## ACTIVITY
Reproduce the listing in its entirety. Do not reproduce the pictures.

┏━━

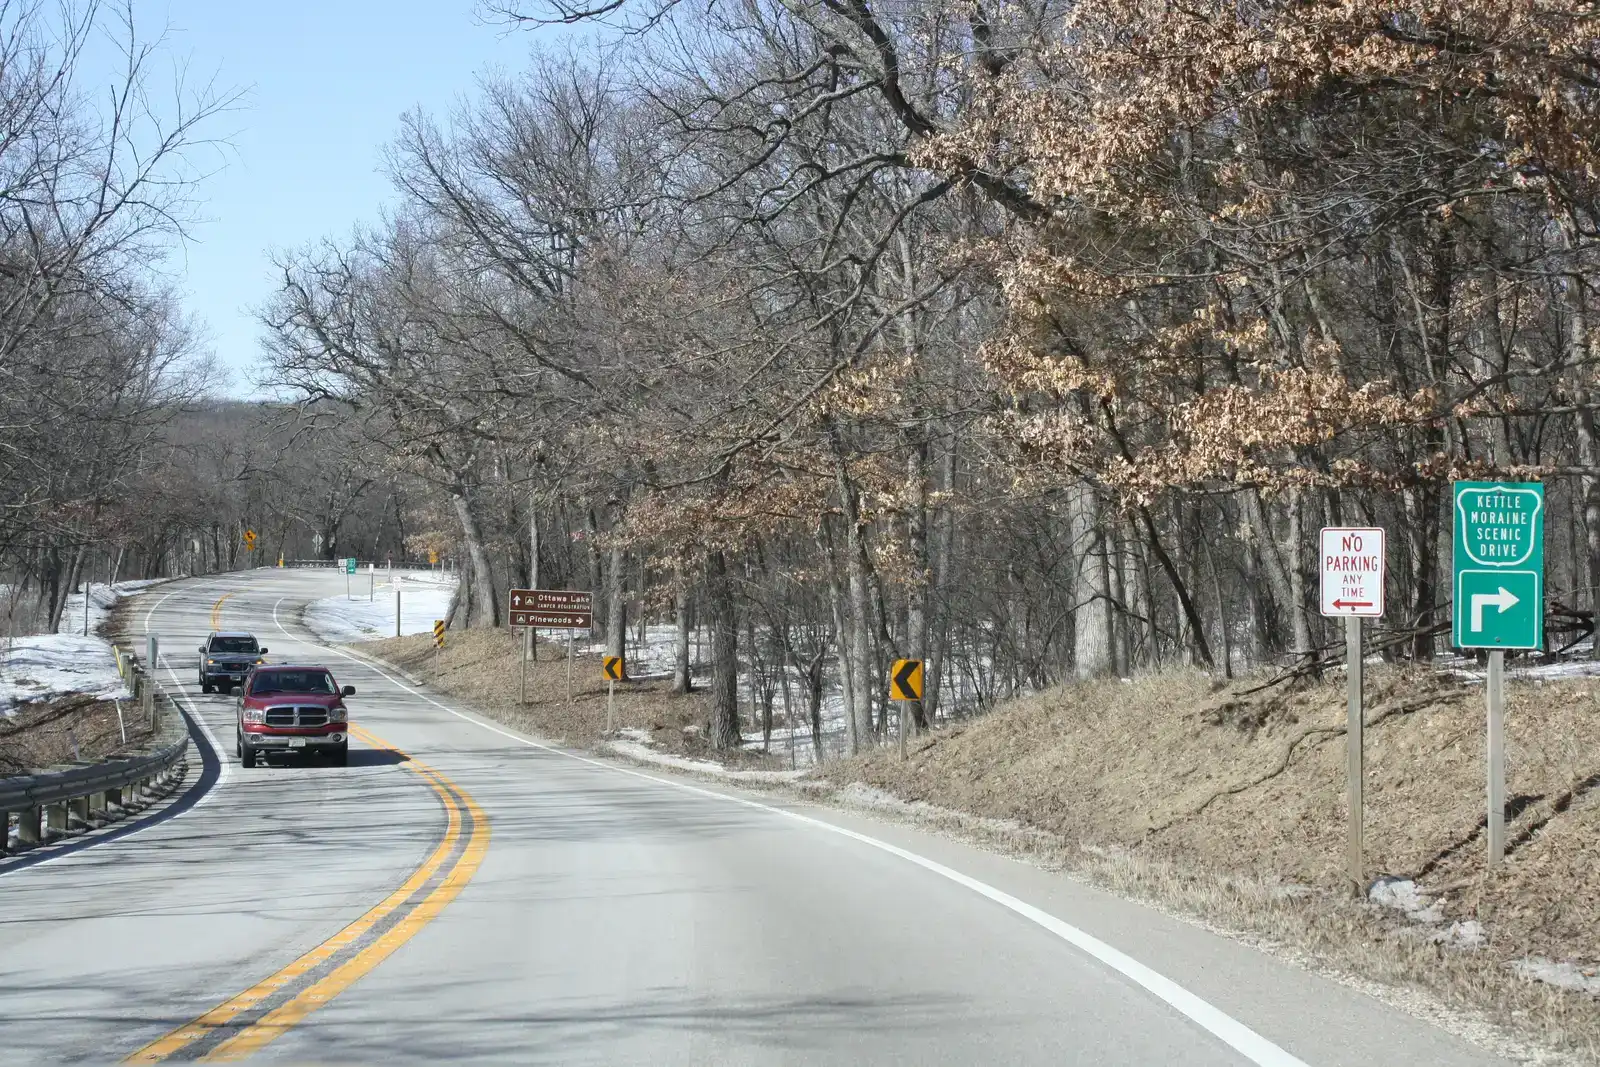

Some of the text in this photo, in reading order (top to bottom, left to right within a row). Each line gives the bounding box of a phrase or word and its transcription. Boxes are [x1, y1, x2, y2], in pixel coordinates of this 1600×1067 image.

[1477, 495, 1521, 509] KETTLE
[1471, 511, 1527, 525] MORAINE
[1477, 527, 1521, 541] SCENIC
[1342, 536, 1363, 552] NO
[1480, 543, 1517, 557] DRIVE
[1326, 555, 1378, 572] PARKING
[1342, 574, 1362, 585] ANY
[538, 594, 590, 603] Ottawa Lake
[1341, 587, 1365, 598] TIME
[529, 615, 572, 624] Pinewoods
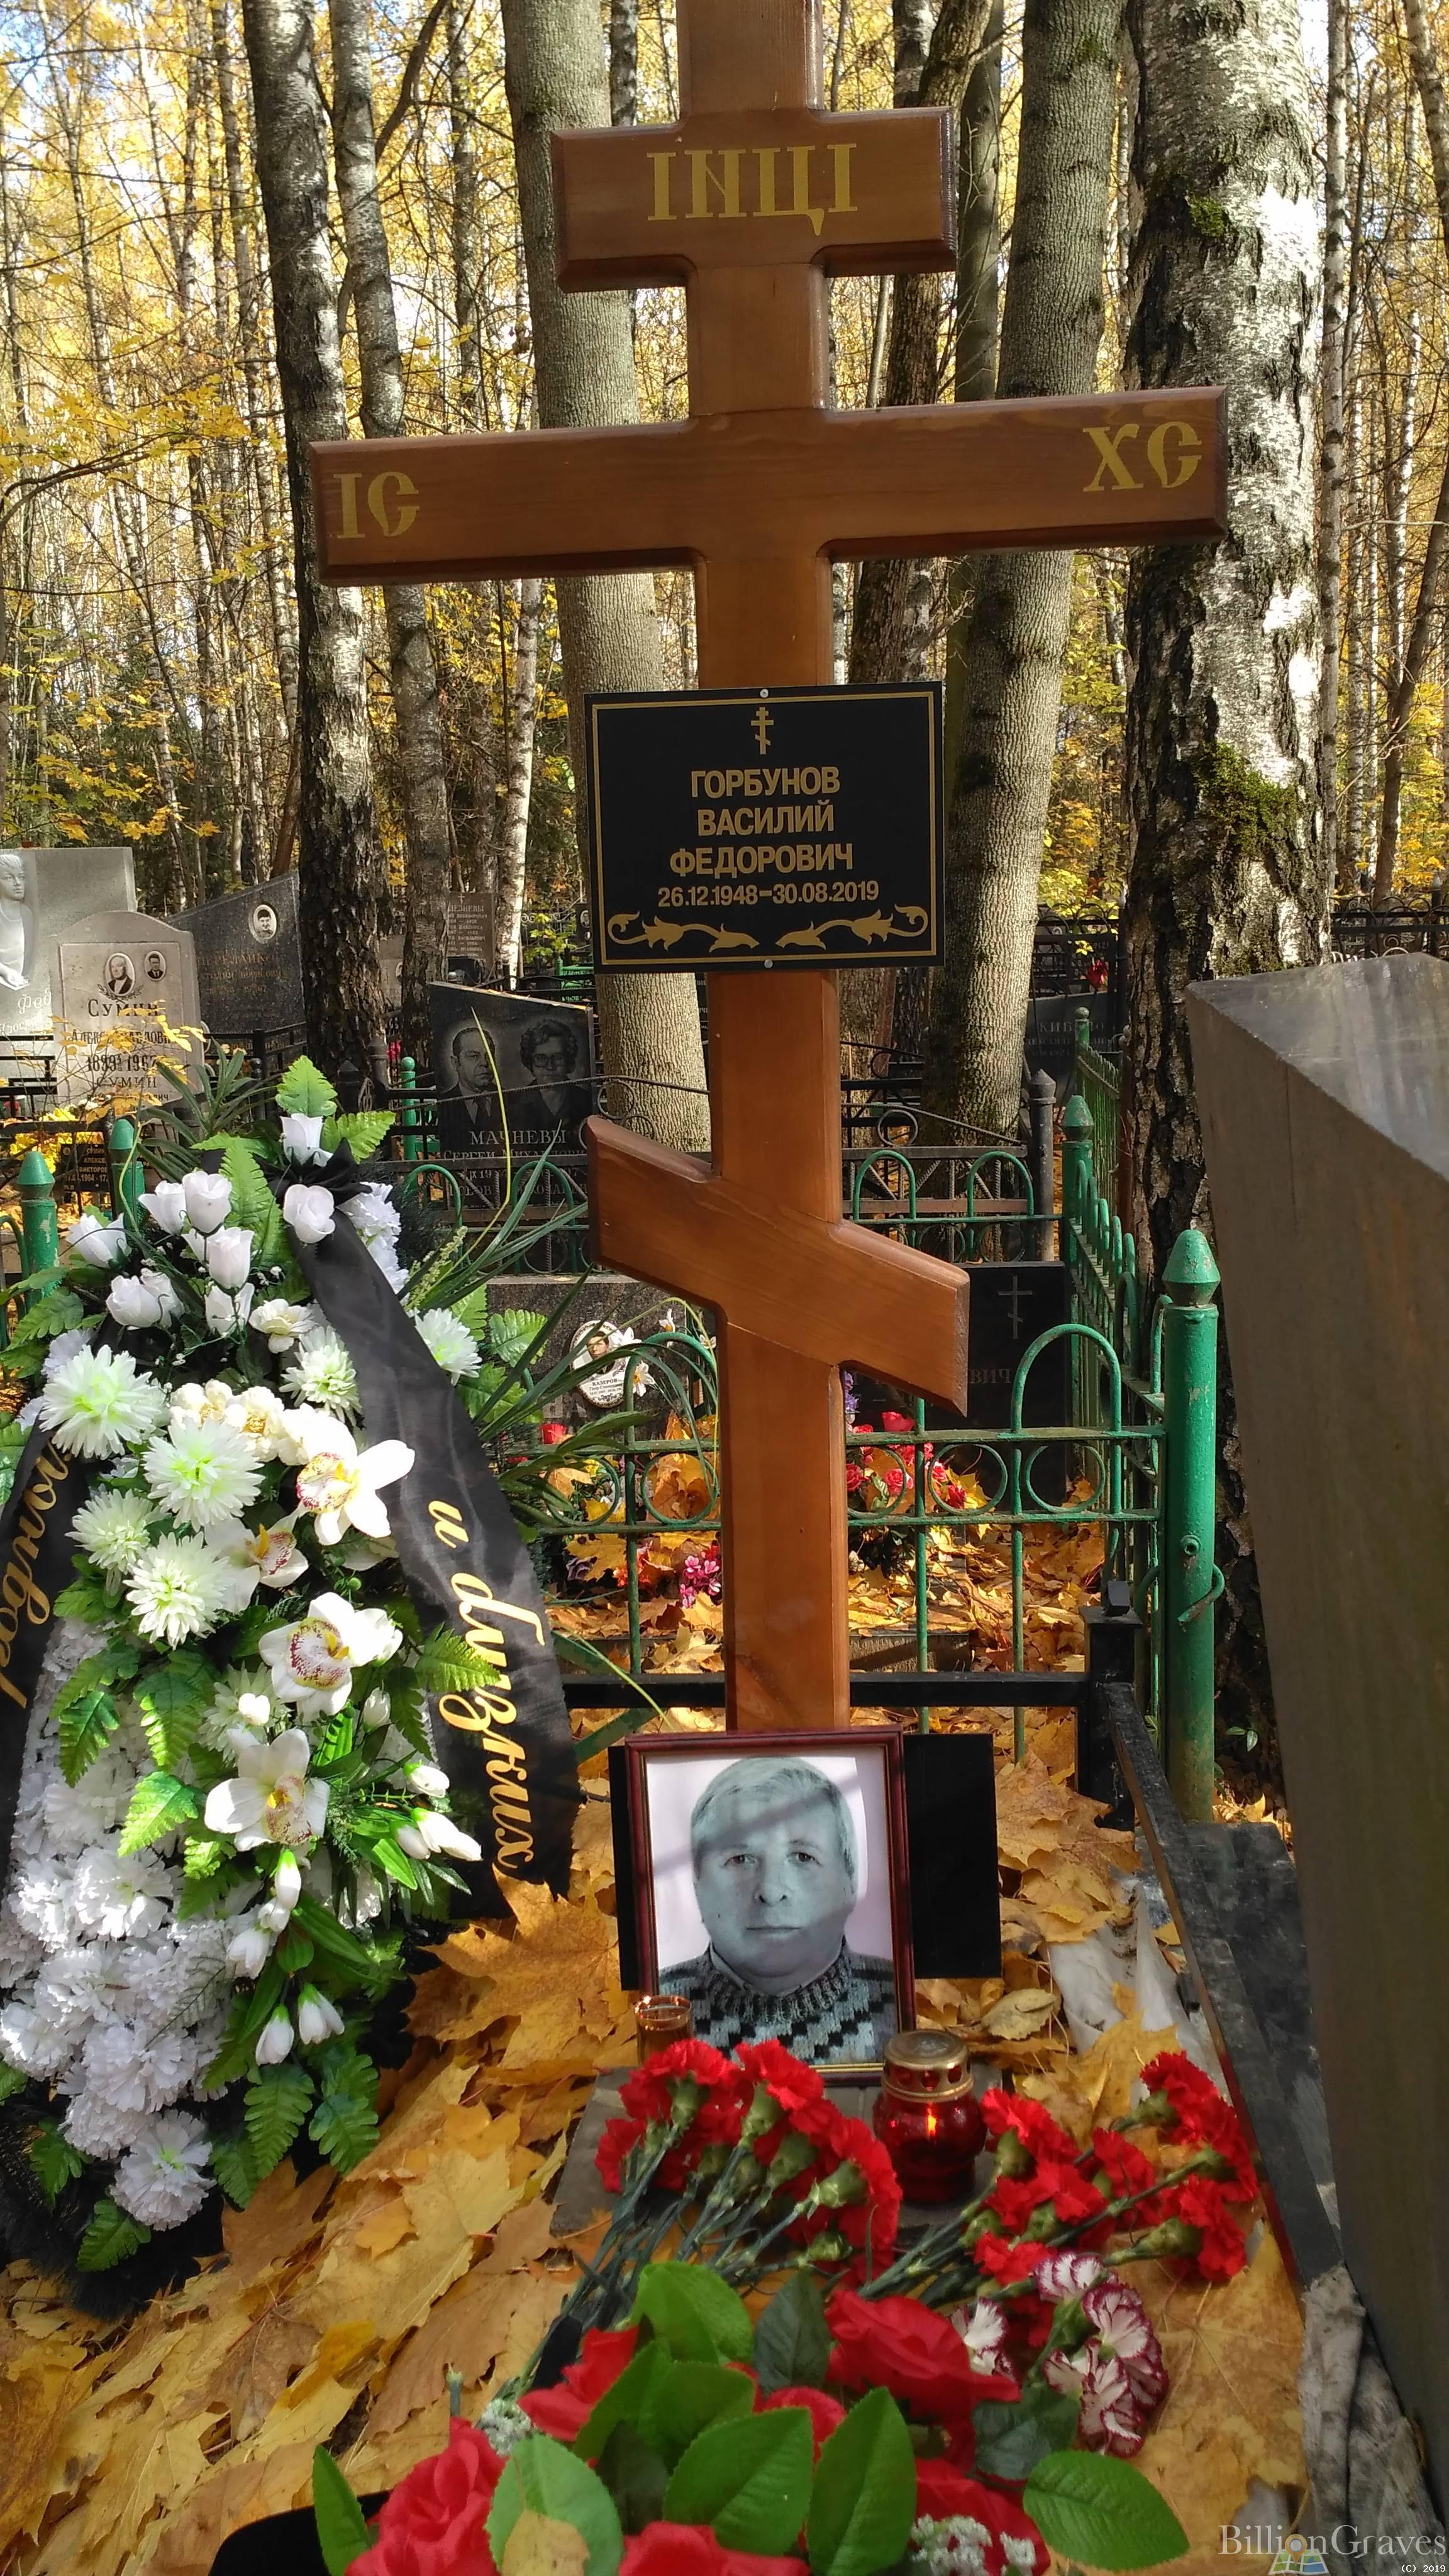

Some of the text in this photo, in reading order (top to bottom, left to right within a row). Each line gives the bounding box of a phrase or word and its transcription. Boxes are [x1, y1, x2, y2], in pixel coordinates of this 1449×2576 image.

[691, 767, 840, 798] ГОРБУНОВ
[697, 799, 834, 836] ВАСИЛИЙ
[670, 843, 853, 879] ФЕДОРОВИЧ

┗━━

## OUTPUT BELOW
Some of the text in this photo, in reading order (top to bottom, left to right within a row). Each line gives the bounding box of a phrase or word and its transcription. Boxes are [x1, y1, x2, y2], in pixel coordinates of this 1600×1067 image.

[1477, 495, 1521, 509] KETTLE
[1471, 511, 1527, 525] MORAINE
[1477, 527, 1521, 541] SCENIC
[1342, 536, 1363, 552] NO
[1480, 543, 1517, 557] DRIVE
[1326, 555, 1378, 572] PARKING
[1342, 574, 1362, 585] ANY
[538, 594, 590, 603] Ottawa Lake
[1341, 587, 1365, 598] TIME
[529, 615, 572, 624] Pinewoods

Some of the text in this photo, in reading order (top to bottom, left to right within a row). Each line gives the bounding box of a phrase or word and its transcription. Boxes are [x1, y1, x2, y2], in pixel coordinates of this 1449×2576 image.

[691, 767, 840, 798] ГОРБУНОВ
[697, 799, 834, 836] ВАСИЛИЙ
[670, 843, 853, 879] ФЕДОРОВИЧ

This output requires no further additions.